Add a toInteger property be to the Number constructor, for converting values to IEEE-754 double precision integers, exactly as ECMA-262’s ToInteger internal method. It could be implemented like this:
(function (global) { var abs = Math.abs, floor = Math.floor, isFinite = global.isFinite, isNaN = global.isNaN; function sign(n) { return (n < 0) ? -1 : 1; } Object.defineProperty(Number, 'toInteger', { value: function toInteger(value) { var n = +value; if (isNaN(n)) return +0; if (n === 0 || !isFinite(n)) return n; return sign(n) * floor(abs(n)); }, configurable: true, enumerable: false, writable: true }); })(this);
There is currently no efficient or convenient way in the language to determine if a number is an exact integer.

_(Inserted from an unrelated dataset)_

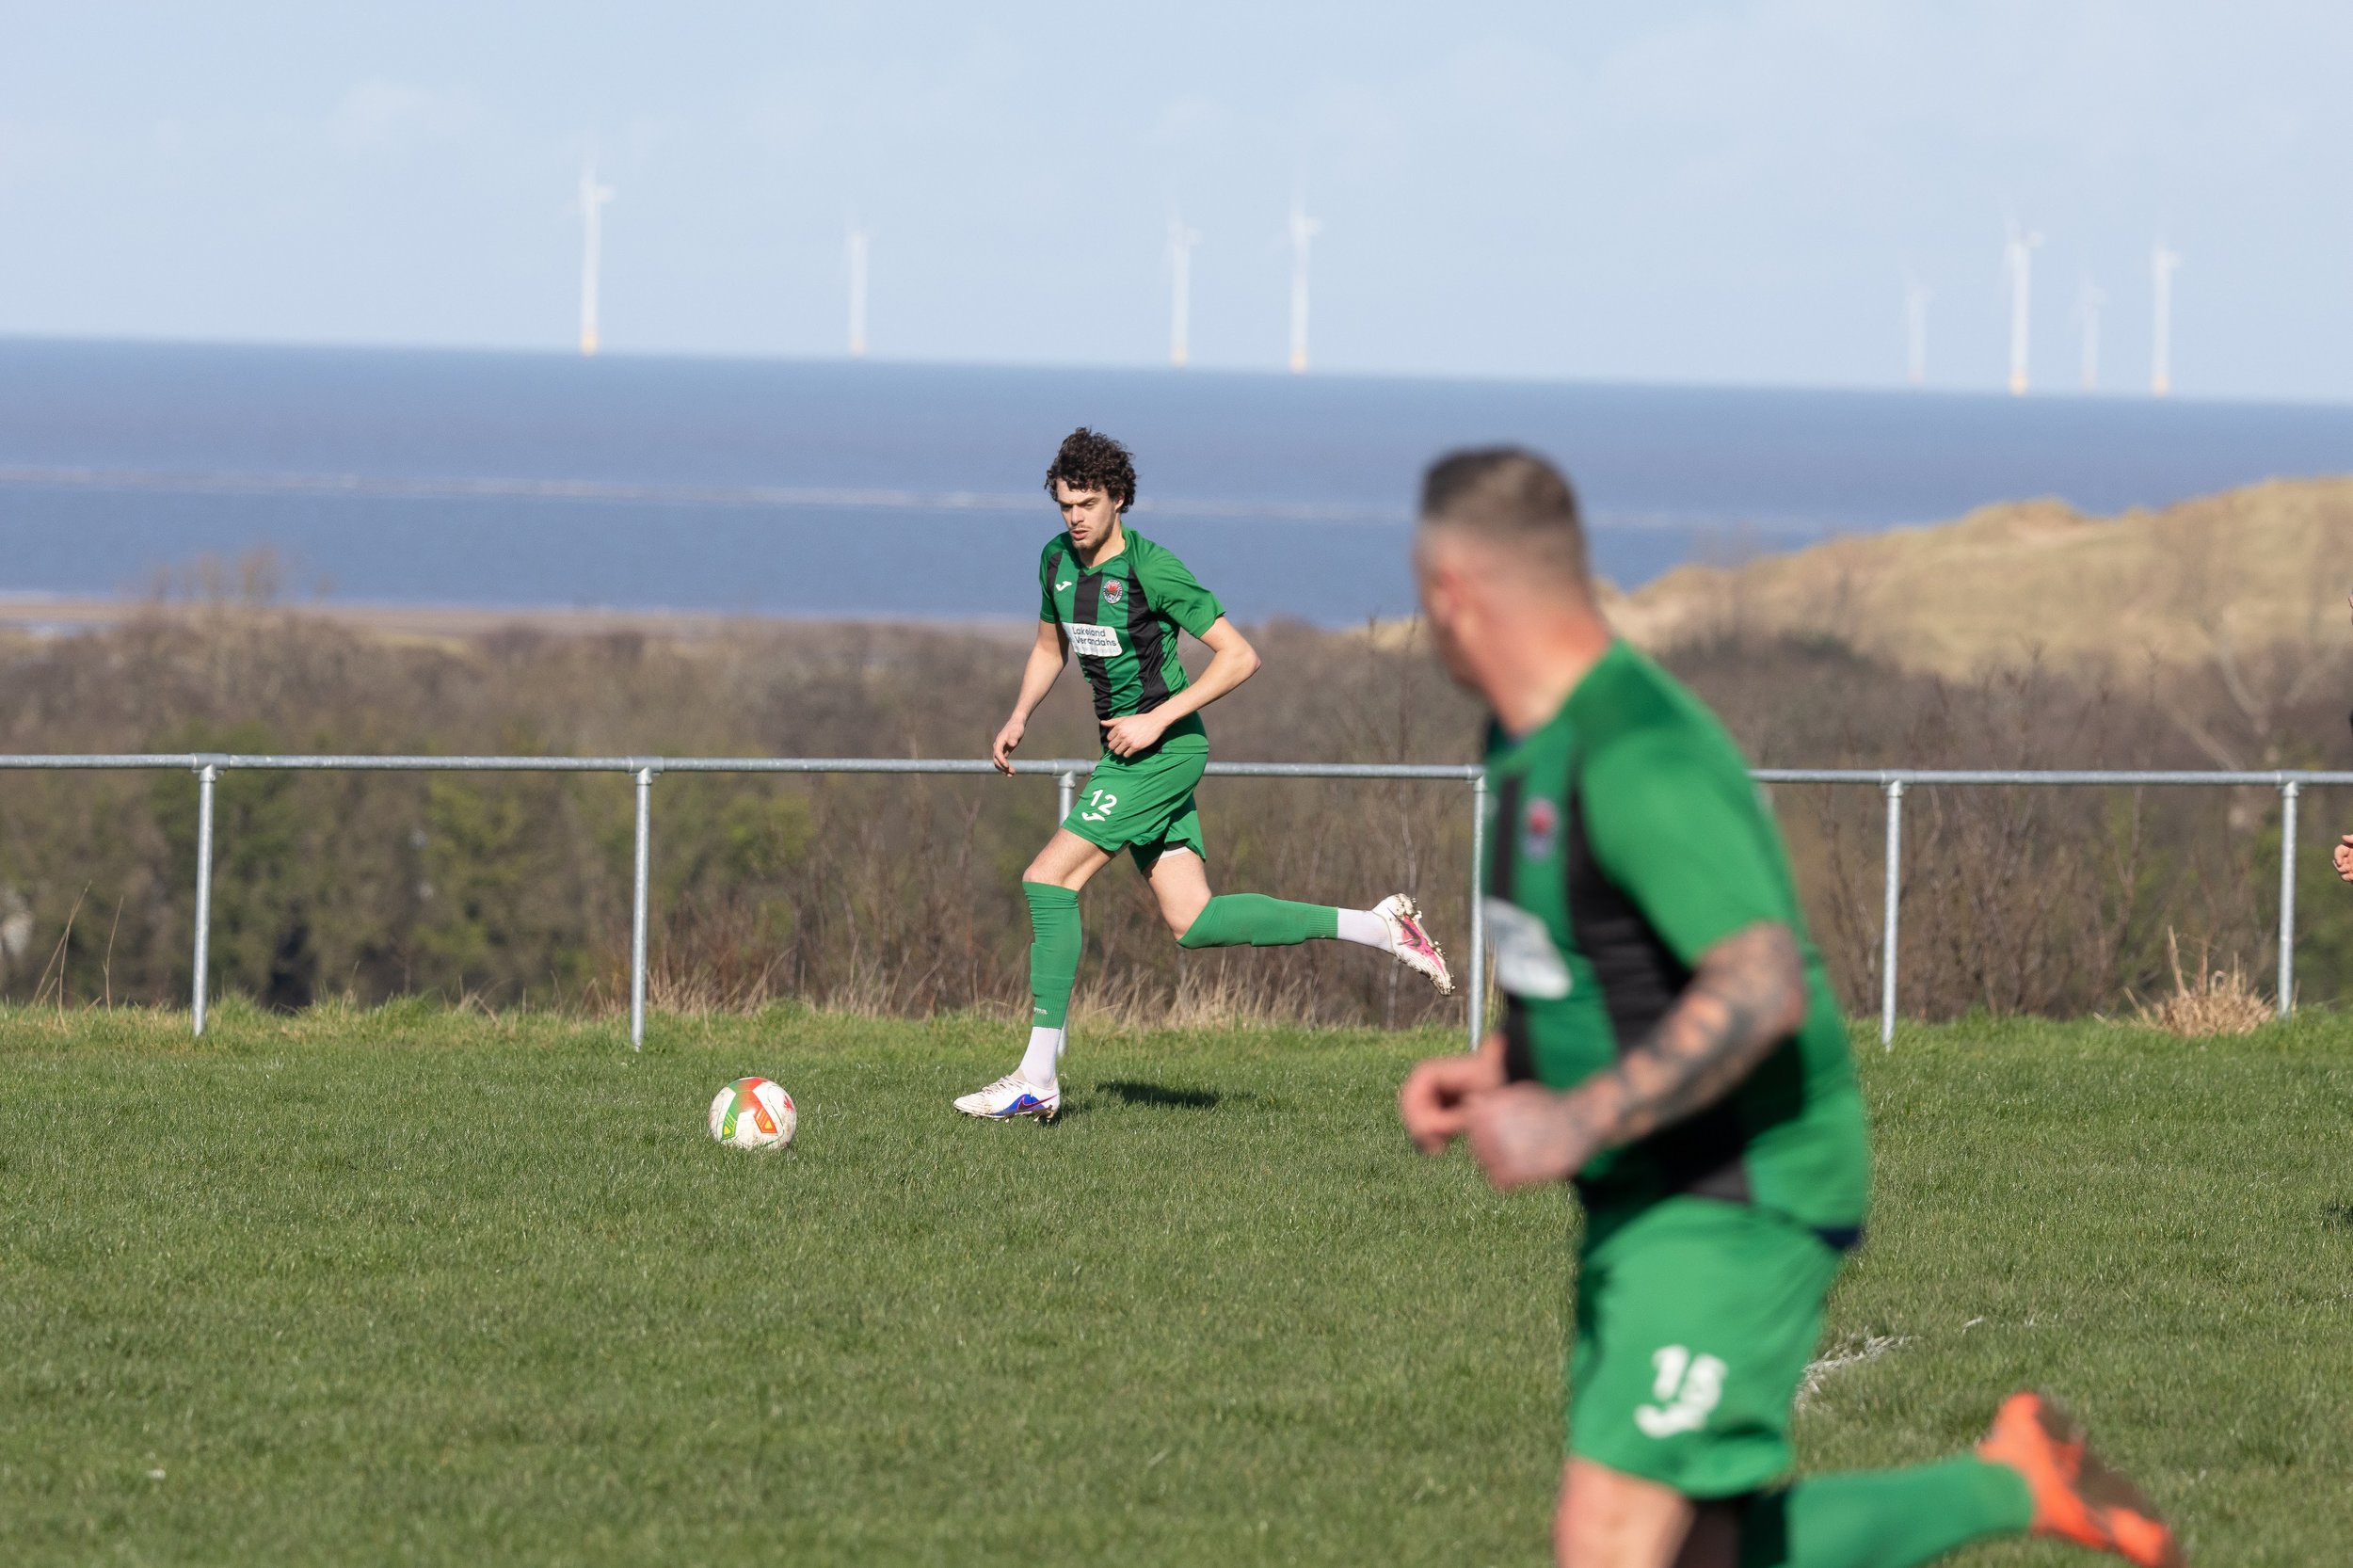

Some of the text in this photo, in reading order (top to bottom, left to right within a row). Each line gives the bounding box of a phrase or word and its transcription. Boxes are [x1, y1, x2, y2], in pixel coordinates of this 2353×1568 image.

[1072, 627, 1106, 637] Lakeland
[1075, 636, 1117, 647] Verandahs
[1090, 789, 1117, 815] 12

— Douglas Crockford 2010/12/15 20:27 — Brendan Eich 2011/04/28 00:45
The blurb at the bottom seems to be about Number.isInteger, not toInteger.
It is already possible to invoke ECMA-262’s ToInteger function. Evaluating x | 0 produces ToInteger(x).
Contrary to the blurb at the top, the implementation of Number.toInteger given here is not the same as ECMA-262’s ToInteger. ToInteger(Infinity) is 0, but Number.toInteger(Infinity) returns Infinity. ToInteger(0×100000001) is 1, because ToInteger truncates the result to 32 bits; but Number.toInteger(0×100000001) is 0×100000001.